Commanders and leaders
- Louis Schlessinger: José Joaquín Mora Porras

Strength
- 270–400: 600–1,000

Casualties and losses
- 26 killed, 19 prisoners, several wounded: 19 killed, 32 wounded

= Battle of Santa Rosa =

1856 Filibuster War battle in Nicaragua

In the 19th century, Nicaragua was beset by political issues among liberals and conservatives, allowing William Walker, an American Southerner seeking to establish English-speaking slavery states in Latin America, to ascend to the Nicaraguan presidency.

Walker believed in the doctrine of manifest destiny, and established himself in Nicaragua in the guise of offering help to liberals , but his real intentions were to conquer the five provinces of Central America, a manifesto he titled "Five or None." This territory claimed by Nicaragua was part of Costa Rica, creating a territorial issue that, together with the fear of an all-out invasion of the region, led to the Filibuster War or Campaña Nacional between both countries from 1855 to 1857.

In Costa Rica, Juan Rafael Mora Porras, the president, was urged and backed by the British, saw the danger of Walker's intentions and on 27 February 1856 declared war on Nicaragua and called on all Costa Ricans to join forces and fight, a call that was heeded.

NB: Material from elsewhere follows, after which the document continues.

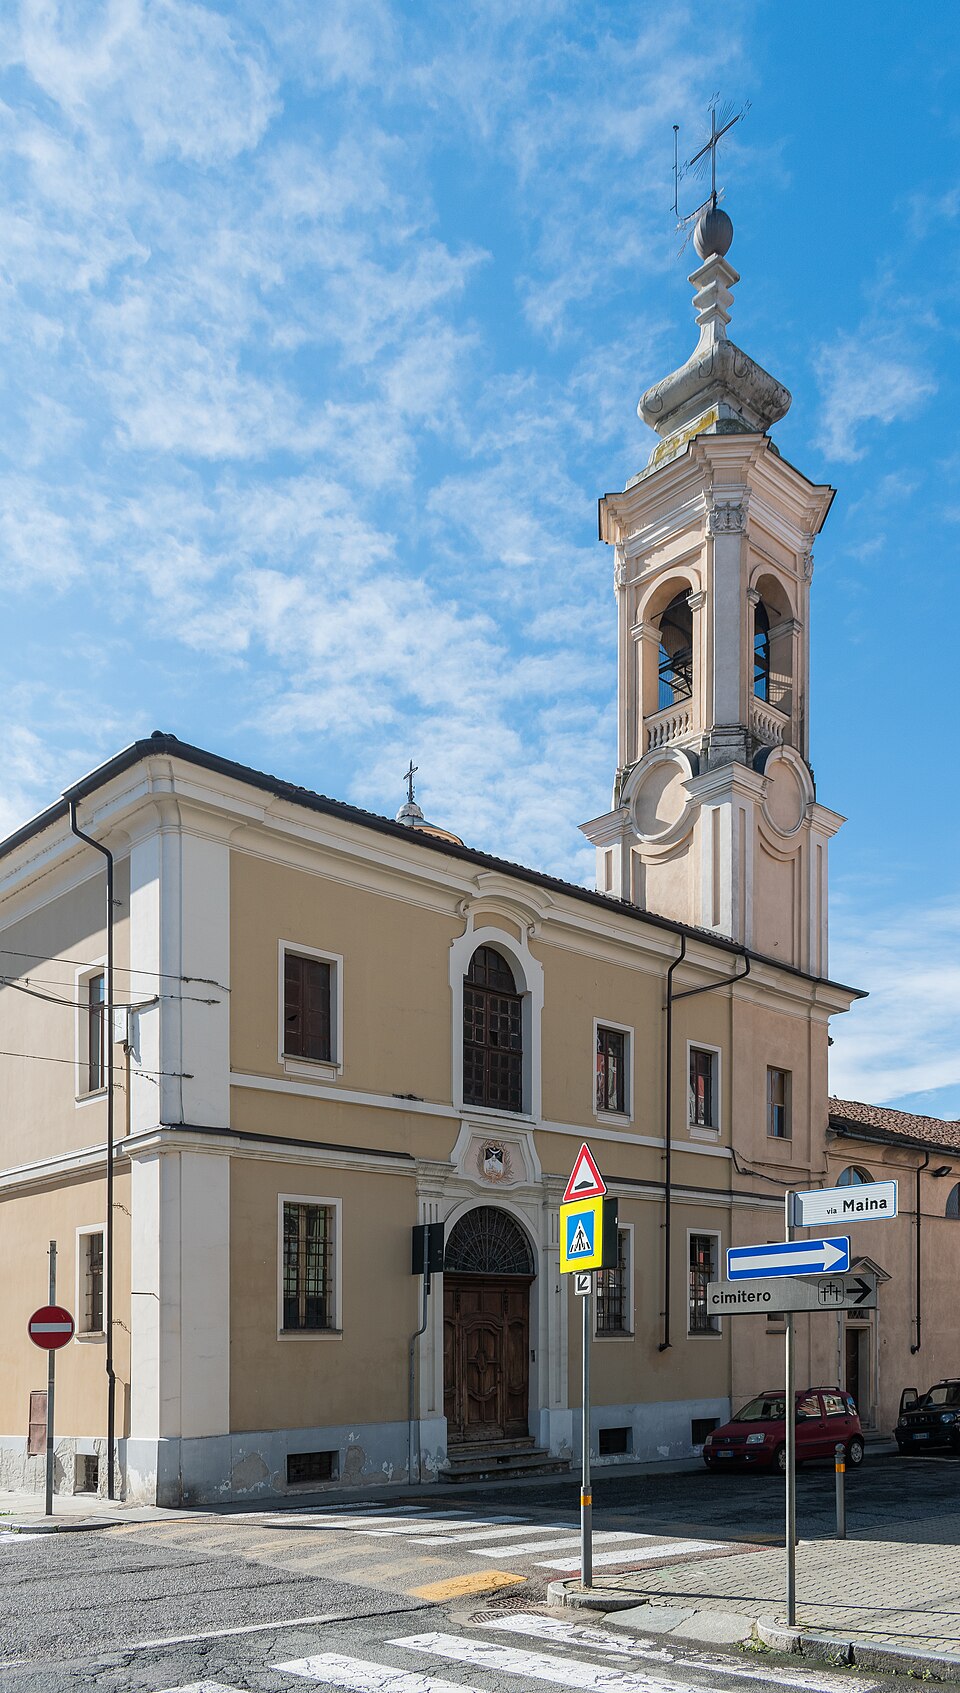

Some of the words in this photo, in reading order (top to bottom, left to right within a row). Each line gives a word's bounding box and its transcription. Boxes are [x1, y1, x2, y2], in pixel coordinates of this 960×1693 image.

A Costa Rican vanguard of 2,500 began marching on 4 March from San José to the northern border, led by the president Juan Rafael Mora Porras, arriving in Liberia on 12 March, where they joined the battalion organised there (the Moracia Battalion), under the leadership of José María Cañas.

When the filibusters of the Nicaraguan movement realised what was happening in Costa Rica, they organised a battalion numbering about 70 men, two out of its four companies consisting entirely of Frenchmen, the other two companies entirely of Germans, under the leadership of Colonel Schlessinger, which entered Costa Rica through the road that joined Nicaragua with Liberia and which passed by the Hacienda Santa Rosa, where they arrived exhausted by the long and weary march late at night on 20 March.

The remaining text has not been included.